Metallothionein (MT) is a group of proteins with low molecular masses and high cysteine contents, and it is classified into different types, which generally contains two domains with typical amino acid sequences.

Results

In this report, two full-length cDNAs (MT-1 and MT-II) encoding MT-like proteins were isolated from the roots of sweet potato (Ipomoea batatas [L.] Lam. ‘Tainong 57’). Their open reading frames contained 642 and 519 nucleotides (66 and 81 amino acids) for MT-1 and MT-II, respectively, and exhibited a relatively low amino acid sequence similarity. On the basis of the amino acid sequence similarity and conserved residues, it is suggested that MT-I is a member of the plant MT Type-I family, and MT-II is a member of the plant MT Type-II family. The corresponding mRNA levels of MT-1 and MT-II were the highest found in the storage roots. Recombinant MT-1 and MT-II protein overproduced in E. coli (M15) was purified by Ni2+-chelated affinity chromatography. MT-1 and MT-II reduced dehydroascorbate (DHA) in the presence of glutathione (GSH) to regenerate L-ascorbic acid (AsA). However, without GSH, MT-1 and MT-II has very low DHA reductase activity. And AsA was oxidized by AsA oxidase to generate monodehydroascorbate (MDA) free radical. MDA was also reduced by MT-1 and MT-II to AsA in the presence of NADH mimicking the MDA reductase catalyzed reaction.

Conclusions

These data suggest that MT-1 and MT-II have both DHA reductase and MDA reductase activities. MT-1 and MT-II are apparently the first reported plant MTs exhibiting both DHA and MDA activities in vitro.

Keywords

  • Sweet potato
  • Metallothionein
  • Gene expression
  • Dehydroascorbate reductase activity
  • Monodehydroascorbate reductase activity

Background

A variety of plant cell rescue systems adapt to natural environmental conditions by neutralizing toxic reactive oxygen species (ROS). Ascorbate (AsA) plays an important role in various aspects of plants life cycle. AsA regulates growth development such as cell division, cell expansion, and serves as a signal transduction molecule (Pignocchi and Foyer, [2003]). In addition, AsA regeneration system plays an important role in cellular responses and in the defense system against ROS. When AsA functions as an antioxidant in cells, AsA is oxidized into a monodehydroascorbate (MDA) radical in response to the production of excess ROS, after which it is reduced to AsA by MDA reductase (MDAR) (Gill and Tuteja, [2010]). MDA was a sensitive endogenous index of oxidative stress. MDA can in turn non-enzymatically generate AsA and dehydroascorbate (DHA). DHA must be converted to AsA by DHA reductase (DHAR) in the presence of glutathione (GSH) as a reducing agent (Huang et al., [2008]a). Thus, DHAR is a key factor in maintaining a reduced AsA level in the adaptation to environmental conditions.

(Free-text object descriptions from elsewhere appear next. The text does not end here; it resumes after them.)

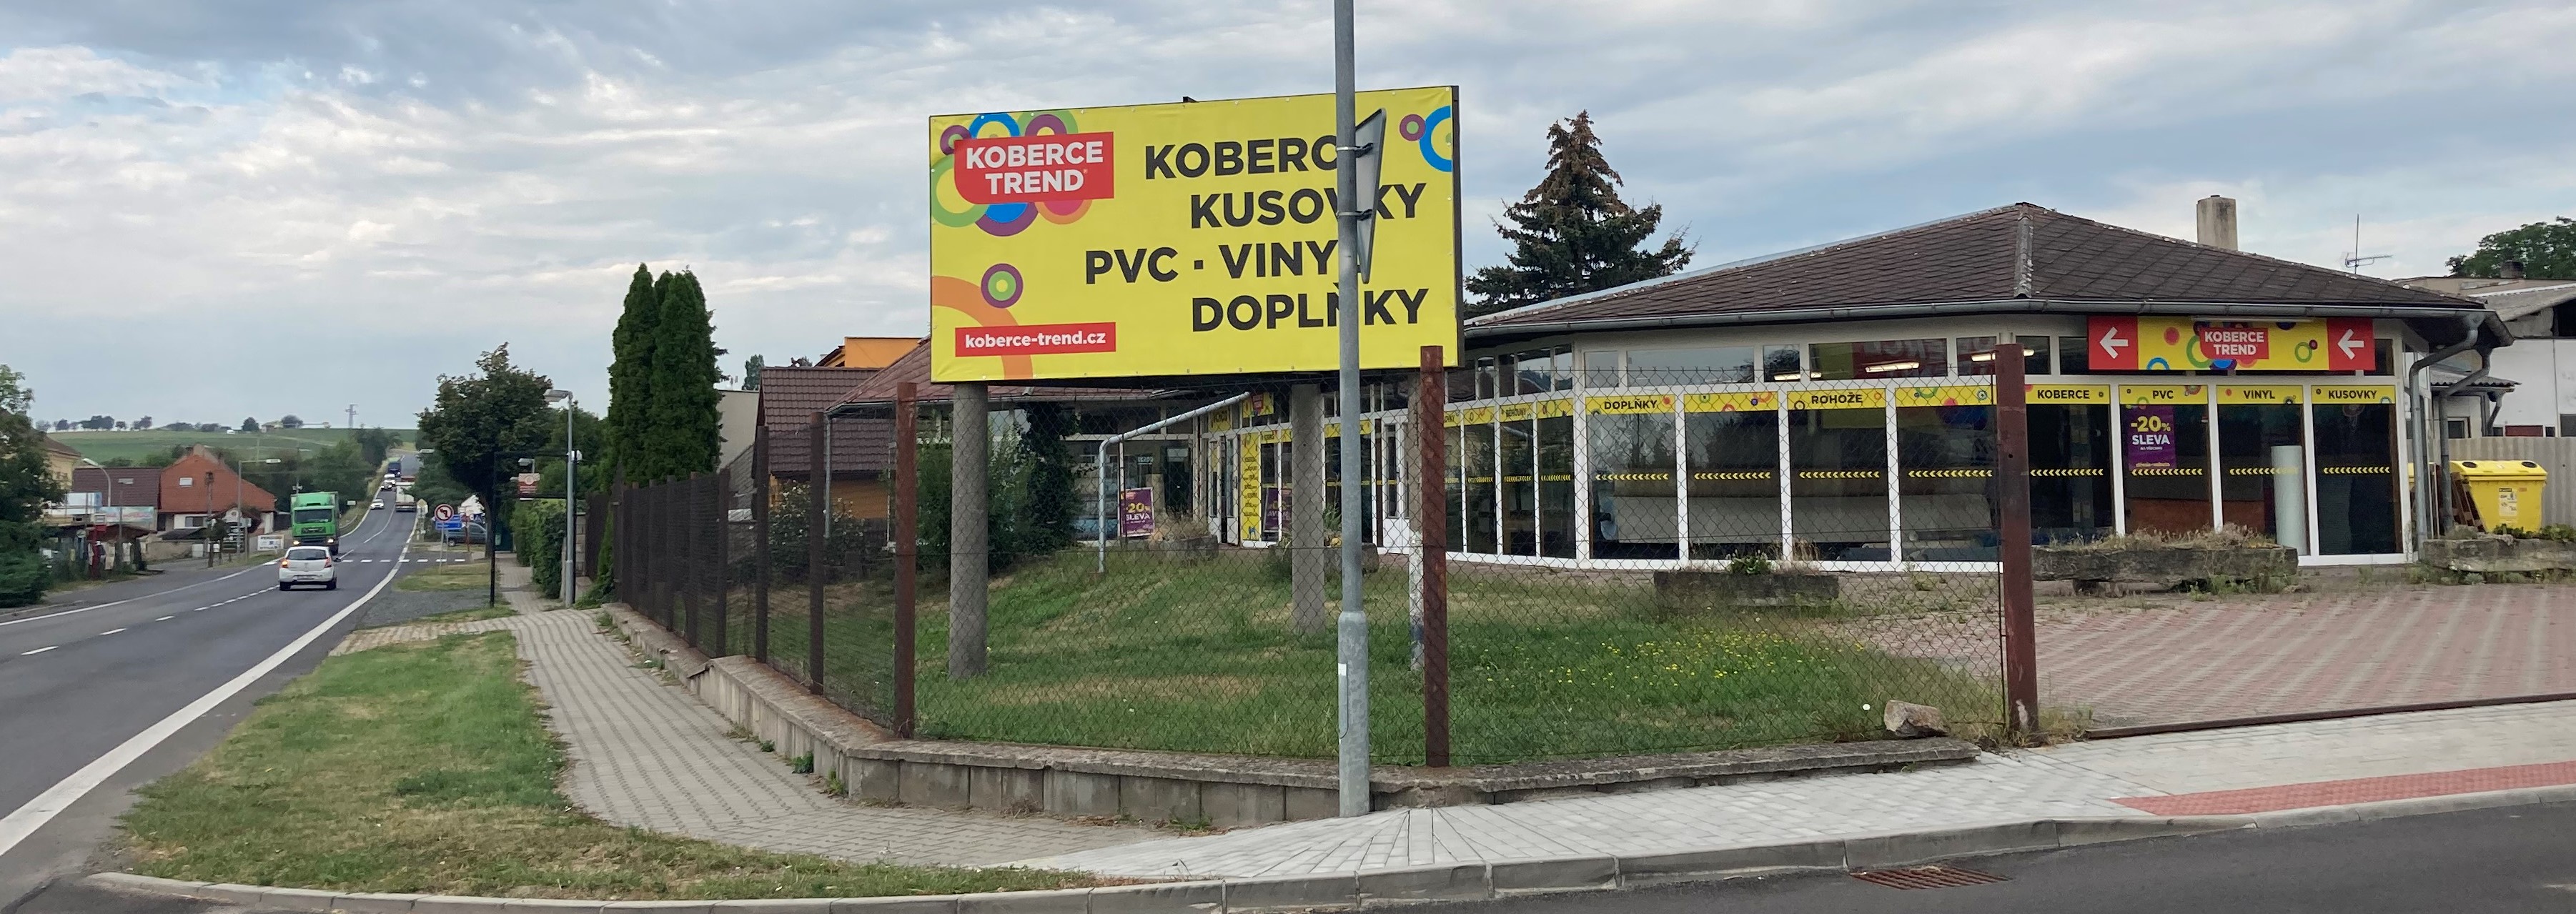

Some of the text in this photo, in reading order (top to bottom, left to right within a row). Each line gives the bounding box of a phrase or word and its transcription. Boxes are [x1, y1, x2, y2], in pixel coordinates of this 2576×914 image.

[966, 140, 1104, 170] KOBERCE
[1145, 135, 1337, 180] KOBERC
[984, 169, 1085, 195] TREND
[1086, 239, 1340, 284] PVC VINY
[965, 330, 1106, 349] koberce-trend.cz
[2204, 330, 2264, 343] KOBERCE
[2213, 344, 2257, 355] TREND
[1810, 392, 1863, 404] ROHOŽE
[2036, 389, 2090, 399] KOBERCE
[2152, 389, 2174, 399] PVC
[2243, 389, 2276, 399] VINYL
[2328, 389, 2377, 399] KUSOVKY
[1604, 397, 1658, 409] DOPLŇKY
[2131, 416, 2171, 432] -20%
[2131, 434, 2171, 445] SLEVA
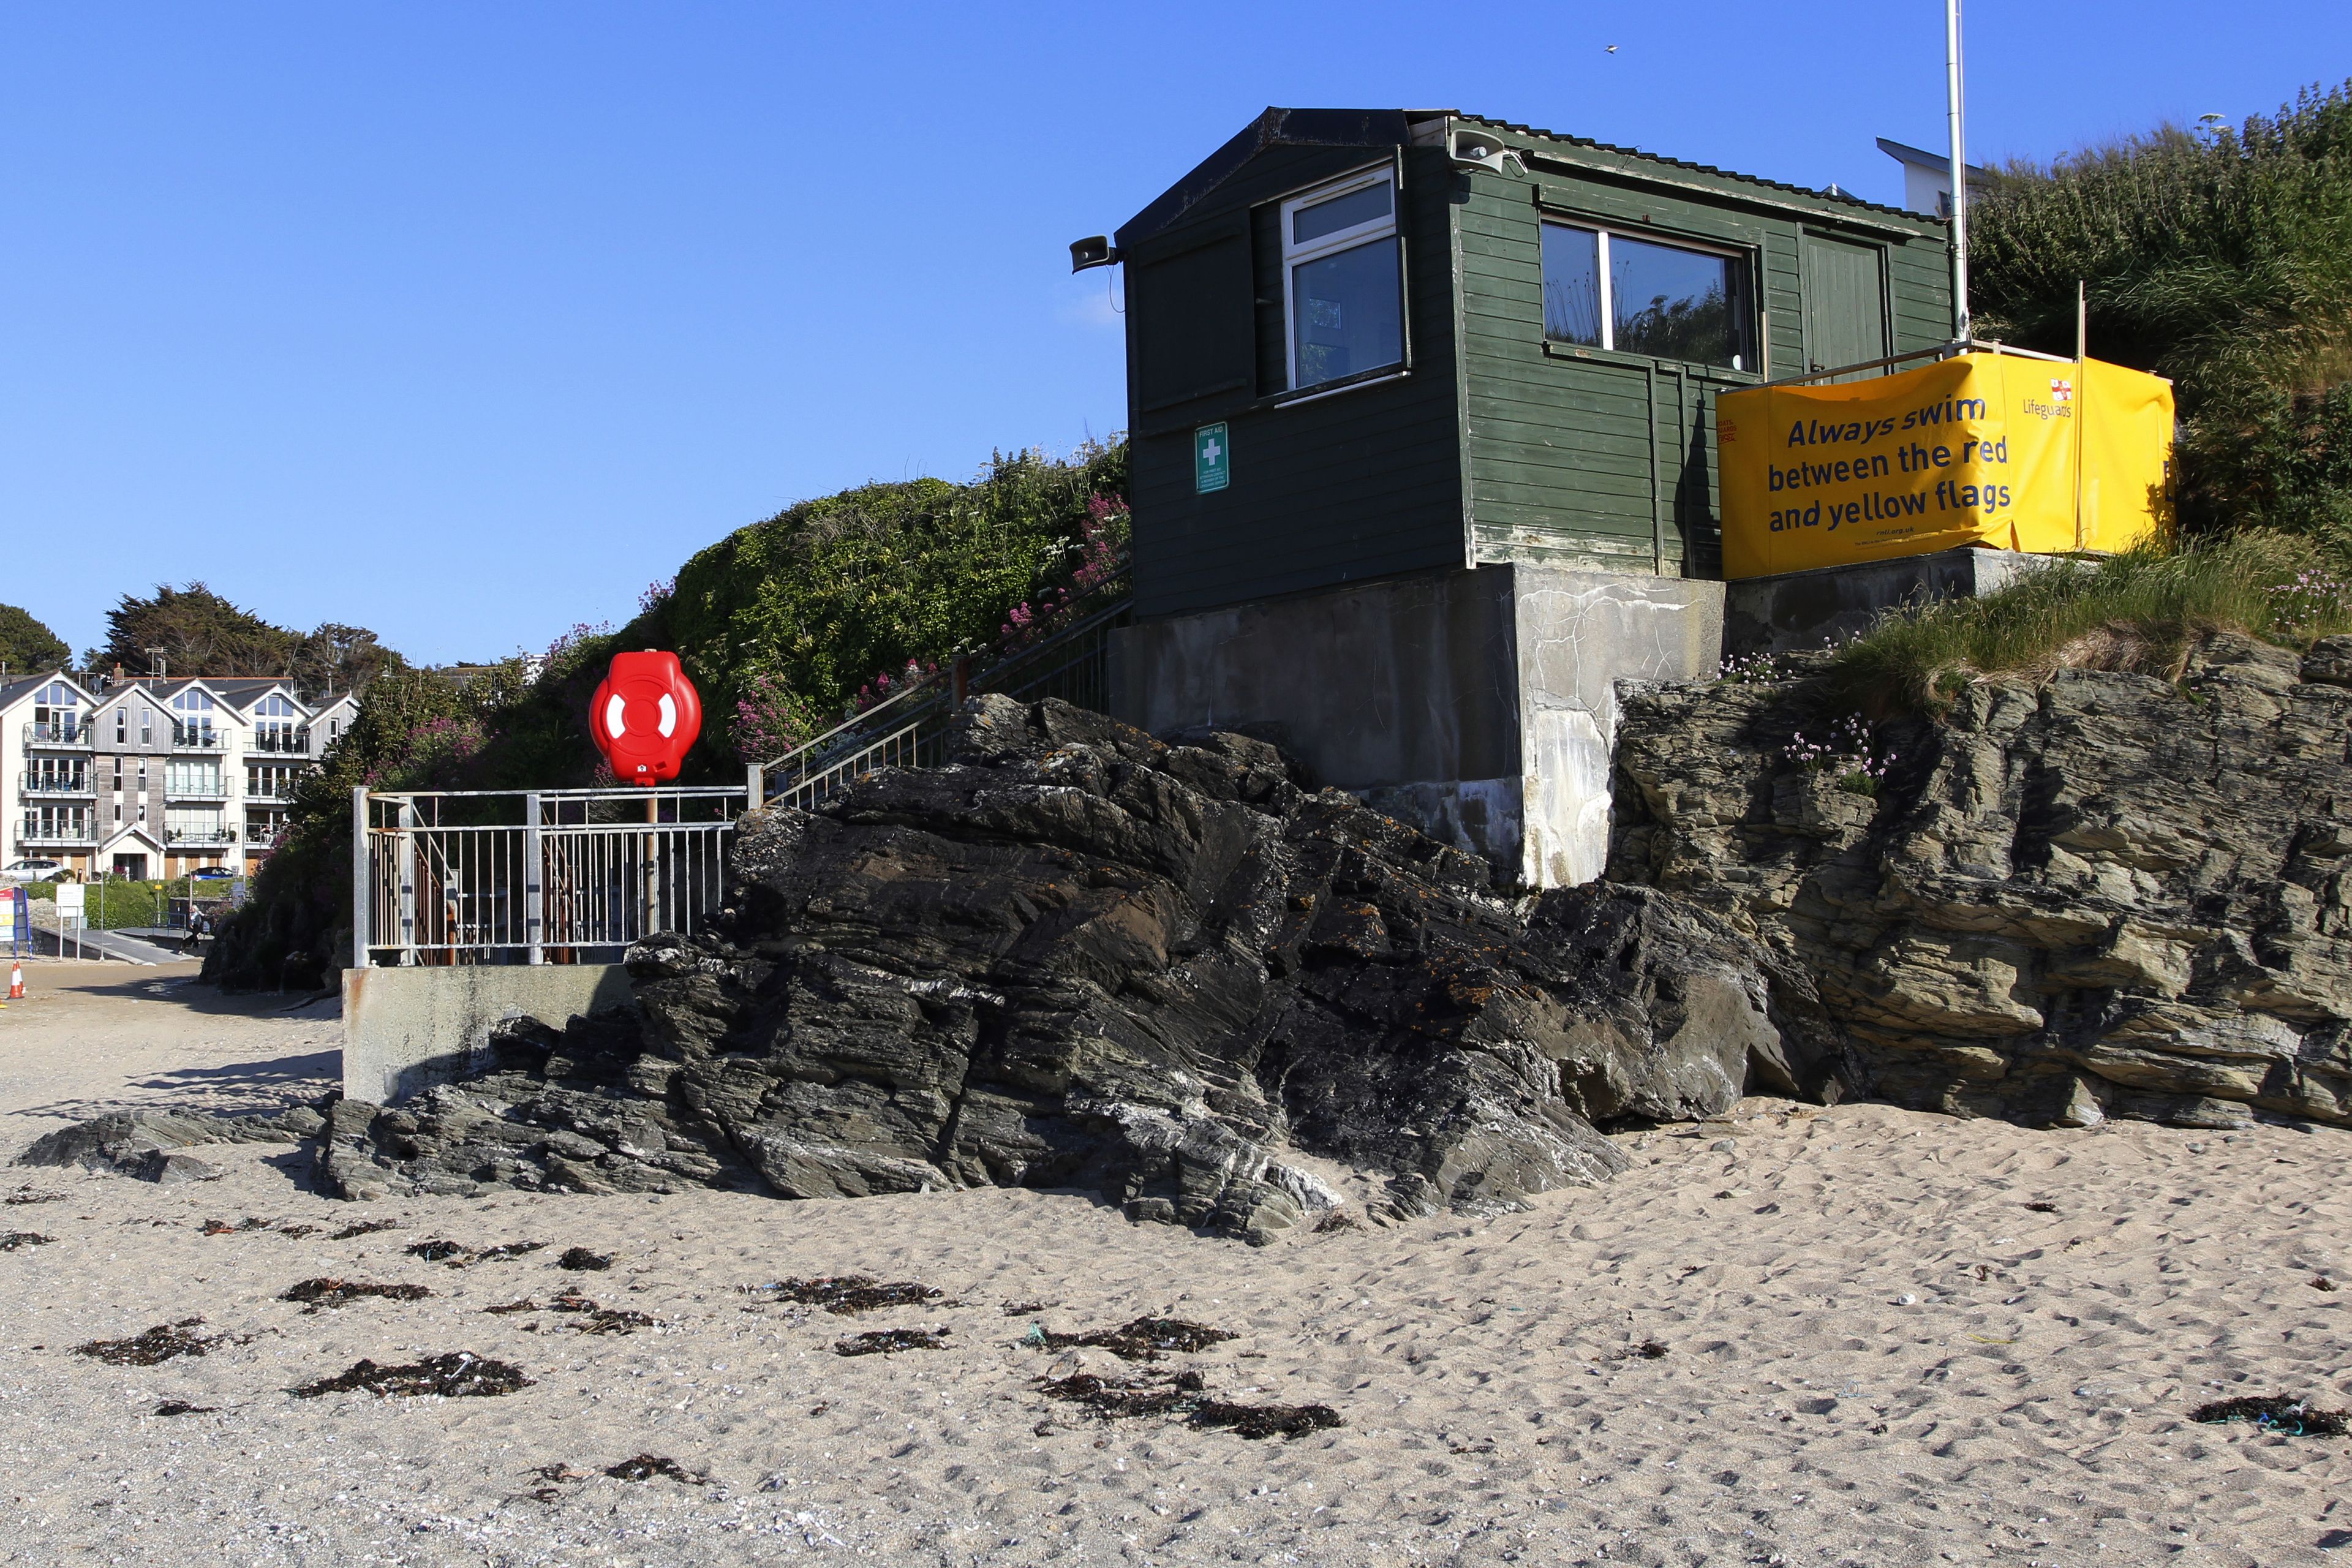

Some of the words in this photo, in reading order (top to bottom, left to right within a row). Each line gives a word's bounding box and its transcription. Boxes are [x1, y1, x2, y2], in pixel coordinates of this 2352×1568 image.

[1787, 419, 1896, 448] Always
[1901, 394, 1986, 430] swim
[2023, 399, 2071, 420] Lifeguards
[1199, 428, 1213, 437] FIRST
[1769, 452, 1889, 492] between
[1898, 442, 1951, 472] the
[1964, 435, 2008, 464] red
[1770, 500, 1820, 532] and
[1826, 491, 1927, 531] yellow
[1936, 479, 2011, 514] flags
[1876, 526, 1915, 536] rnli.org.uk
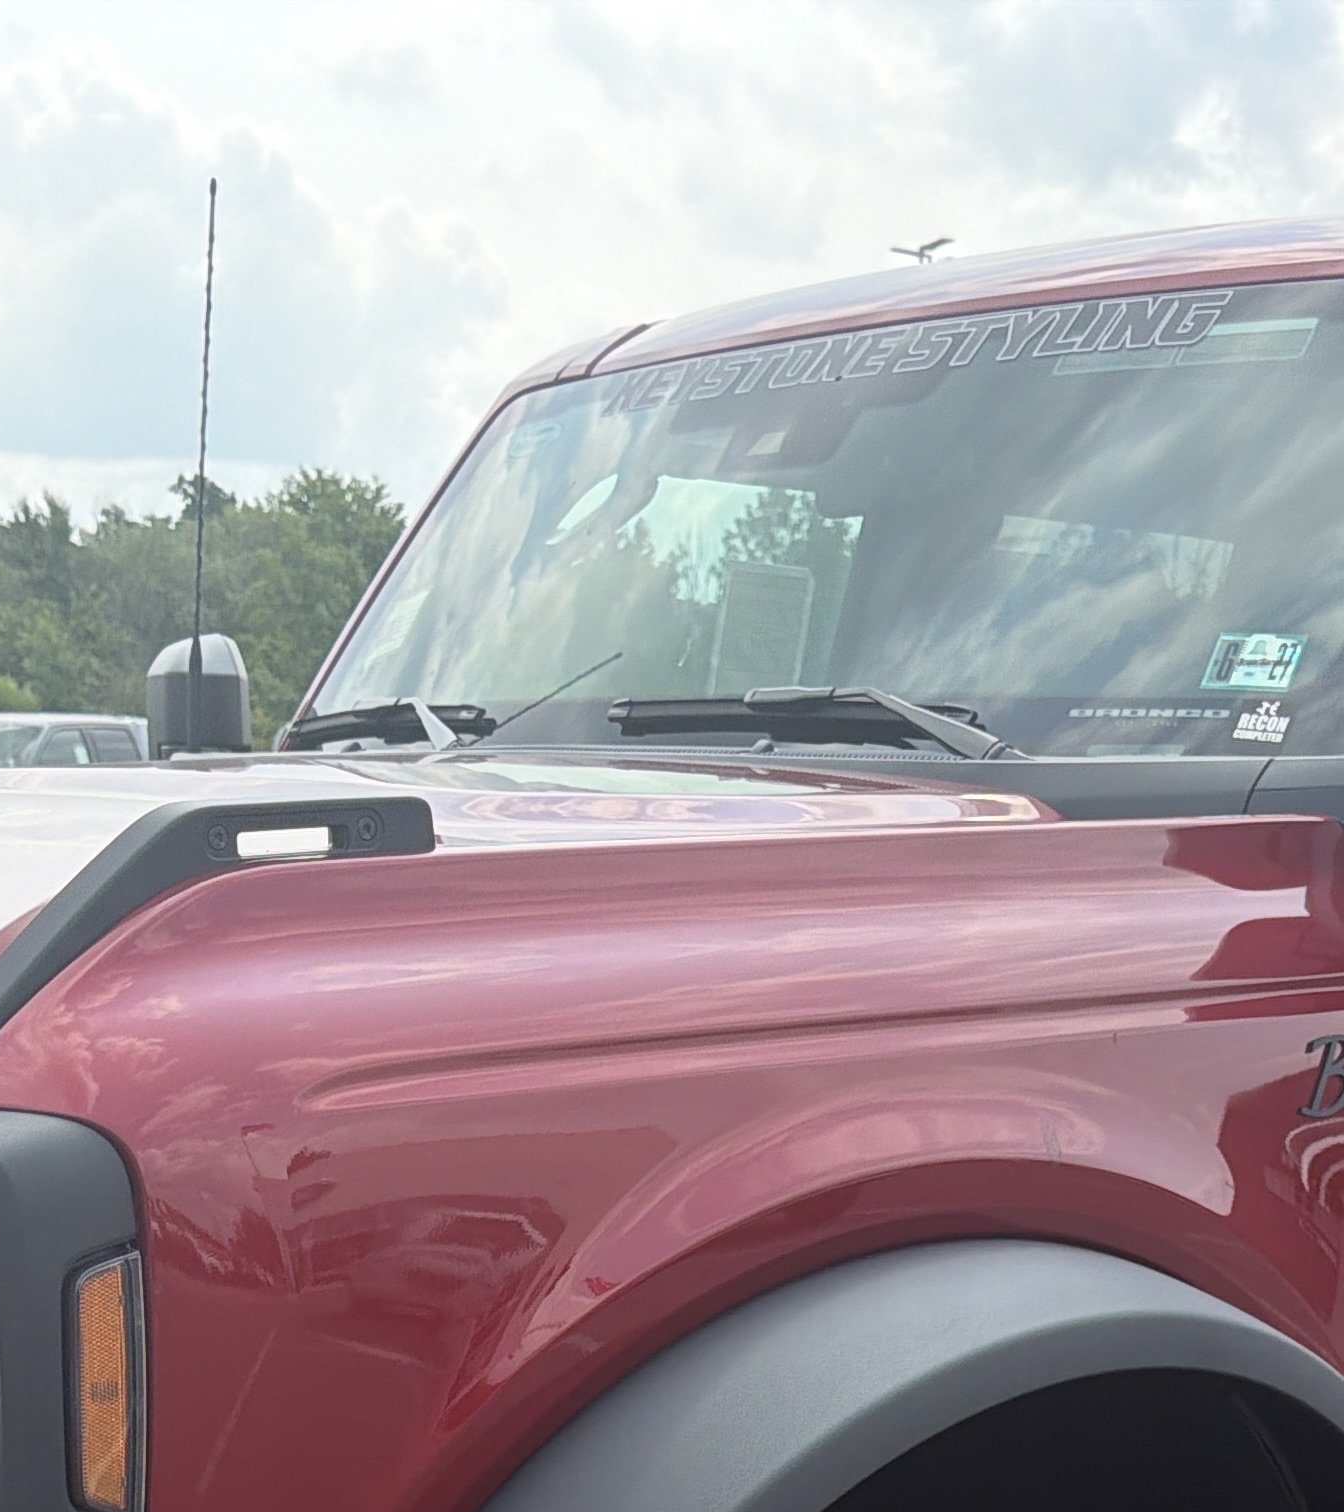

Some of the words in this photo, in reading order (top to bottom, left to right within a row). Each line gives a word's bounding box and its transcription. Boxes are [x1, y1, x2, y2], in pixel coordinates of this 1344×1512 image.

Metallothioneins (MTs) are proteins of low molecular weights and high cysteine contents with the ability to coordinate heavy metal atoms. Although widely distributed among the animal and plant kingdoms, MTs show extremely heterogeneous compositions (Freisinger, [2011]). Plant MTs generally contain two smaller cysteine-rich domains (4-8 cysteines each) and a large spacer region (30–50 residues) devoid of this amino acid. The distribution of cysteine residues, as well as the length of the spacer region served to further classify plant MTs into four types (Hassinen, et al., [2011]). In plants, most current knowledge on the putative functions of MTs deals with the evaluation of their expression levels, and many physiological roles have been proposed such as metal homeostasis, heavy metal detoxification, oxidative stress response, protection against salinity, carbonate stress, and developmental regulation (Cobbett and Goldsbrough, [2002]). This paper describes cloning, characterization, and biological activities of MT-like proteins (MT-I and MT-II) from sweet potato storage roots. In this study, we also present the evidence to show that the recombination protein, MT-I and MT-II exhibit both DHA reductase and MDA reductase activities.

Methods

Materials

Fresh storage roots of sweet potato (Ipomoea batatas [L.] Lam. ‘Tainong 57’) were purchased from a local market. After cleaning with water, the roots were placed in a thermostated (28°C) growth chamber and sprayed with water twice a day. Sprouted plants were cultivated in the greenhouse to collect roots, stems, full expanded green leaves, and flowers for experiments. Dehydroascorbate, dehydroascorbate reductase, monodehydroascorbate reductase, ascorbate oxidase, anti-actin (plant) antibody, and other chemicals were purchased from Sigma-Aldrich Chemical Co. (St. Louis, MO, USA).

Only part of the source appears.